3) The vector operation performed by the central checker in step 2 of the validation protocol effectively performs a backward reachability



Figure 8: Example of the Validation Protocol

analysis in the currently observed constraint graph, which ensures that any instruction that is reachable from the unretired instructions is after the identified boundary. Therefore, there should be no back edge from instructions after the identified boundary to instructions preceding the identified boundary. Combined with fact 1) and 2), we can see that the identified boundary satisfies the requirements for the forward causality frontier.
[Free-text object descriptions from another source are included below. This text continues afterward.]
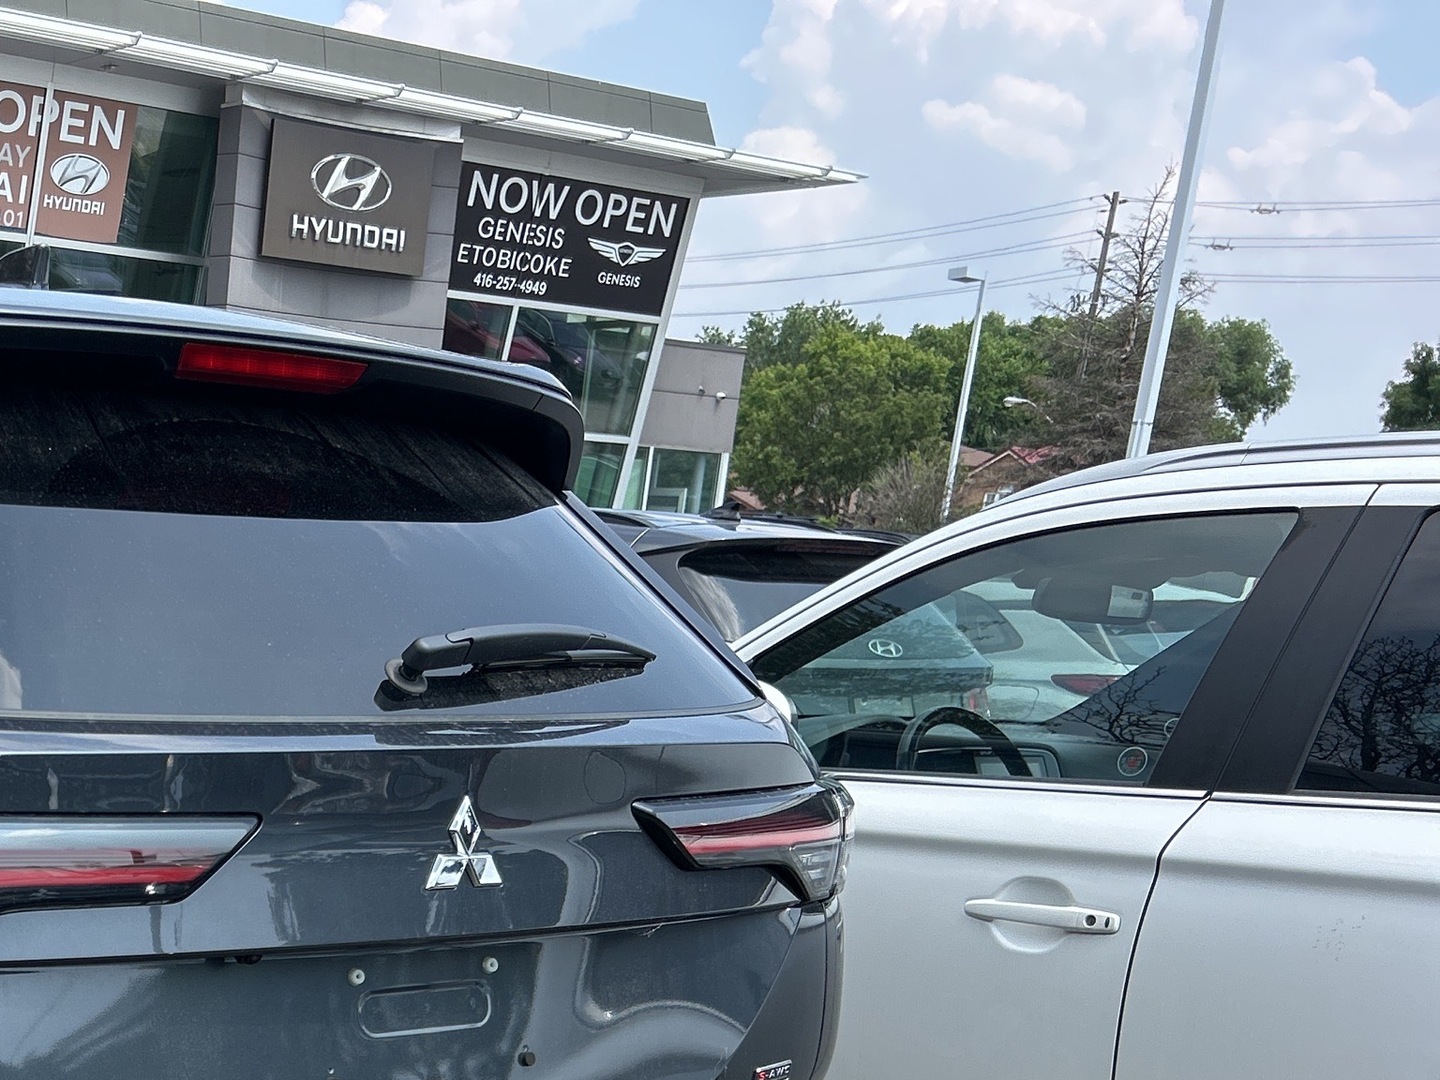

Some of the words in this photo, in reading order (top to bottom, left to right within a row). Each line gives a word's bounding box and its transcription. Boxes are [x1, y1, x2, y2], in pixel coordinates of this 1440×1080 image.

[43, 194, 105, 216] HYUNDAI
[466, 169, 571, 220] NOW
[575, 188, 678, 238] OPEN
[291, 213, 407, 253] HYUNDAI
[477, 216, 565, 249] GENESIS
[457, 243, 572, 278] ETOBICOKE
[473, 273, 547, 296] 416-257-4949
[597, 271, 641, 288] GENESIS
Finally, we address how to relax the assumption on the availability of the loosely synchronized physical clock. It may be difficult to maintain such a clock on a power-efficient CMP architecture, where there are multiple clock domains with frequency or phase differences, or one processor may go to deep sleep mode when idle and its clock will be turned off temporarily. However, we can relax the assumption of a global physical time boundary for the time slice by using the following improved protocol.

- 1) One processor (or the central checker) periodically initiates the checking process by sending a point-to-point message to another processor, which will then pass the message to the next processor, and so on. When a processor receives this message, it records the retired instruction boundary at that moment. In the example shown in Figure 8, P1 sends a message at t1, while P2 and P3 will be notified at time t2 and t3 respectively.
- 2) When the last processor receives the above message, it issues an acknowledgement message, which will in turn be passed back to other processors. Whenever a processor receives this acknowledgement message, it will send the locally observed record to the central checker the edge record should contain all edges observed up to this moment, while the instruction record should indicate the retired instruction boundary marked in phase 1. In Figure 8, this is done by P3, P2 and P1 at t3, t4, and t5 respectively. The other graph refinement and checking operations are the same as described in the previous scheme.
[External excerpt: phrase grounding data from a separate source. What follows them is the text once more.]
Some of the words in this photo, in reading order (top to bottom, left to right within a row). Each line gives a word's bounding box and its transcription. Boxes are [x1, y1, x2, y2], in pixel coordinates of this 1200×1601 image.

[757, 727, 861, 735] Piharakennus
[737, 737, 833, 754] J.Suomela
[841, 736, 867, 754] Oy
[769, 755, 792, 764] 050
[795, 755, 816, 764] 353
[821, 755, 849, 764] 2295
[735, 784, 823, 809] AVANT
As shown in Figure 8, the logical time established by the validation message serves an analogous role as the synchronized physical clock time T in the previous scheme. Since we conservatively count in all unretired instructions by the time line (t3, t4, t5), the computed FCF still satisfies the property that there are no cross-boundary back-edges.

#### 4.5 Error Recovery

When an error is detected, we rely on commonly used check-pointing schemes to resume the execution from a previously validated state. Since we perform online checking, the check-pointing scheme should also be fast and incur low overhead. A good match for these requirements is the SafetyNet scheme [10].

While it is not the focus of this work, we briefly discuss the resumption of computation. For transient errors (e.g. soft errors) the computation is simply repeated, the probability of the error recurring is low. For permanent errors (e.g. design errors or permanent device defects), additional steps will be needed to ensure that the error does not recur. For example, enforcing a less aggressive/concurrent memory access between processors (e.g., by temporarily switching to in-order execution mode) provides for an alternate constraint graph that can avoid the recurrence of the error.

### 5. Experimental Results

Simulation Environment: We evaluate our proposed approach through simulation of a dual-core chip multiprocessor system. Our simulation environment is built on the Wisconsin Multifacet GEMS simulator [23]. The baseline system parameters are summarized in Table-1. Since the original GEMS simulator supports only sequential consistency, we first modified it to support simulation of relaxed memory models including TSO and WO, and then implemented the proposed hardware schemes for dynamic construction and optimization of the constraint graph.

**Table 1. System Configuration** 

| Processor Core          | SPARC V9 processor         |  |
|-------------------------|----------------------------|--|
|                         | 4-way , out-of-order       |  |
| L1 Cache (Private)      | 64KB, 4-way 64-byte blocks |  |
| L2 Cache (Shared)       | 4MB, 4-way 64-byte blocks  |  |
| Memory                  | 1G bytes                   |  |
| Coherence Protocol      | MSI_MOSI_CMP_Directory     |  |
| Interconnection Network | PT_TO_PT                   |  |

Constraint Graph Evaluation: We conducted experiments with 5 programs from the SPLASH-2 parallel benchmark suite [24]. The remaining SPLASH-2 programs are not included due to infrastructure issues related to baseline simulator limitations. To test the error detection capability of our method, we manually introduced errors in the system such that it may execute instructions in illegal order, and found cycles in the resulting constraint graphs in various cases. For example, if we perform SC verification when running in TSO mode, we found 6 cycles for CHOLESKY and 21 cycles for WATER-NSQUARED. As discussed in Section 4, the key challenge to make the proposed approach practical is to reduce the size of the graph that needs to be checked. The effectiveness of our method is evaluated below.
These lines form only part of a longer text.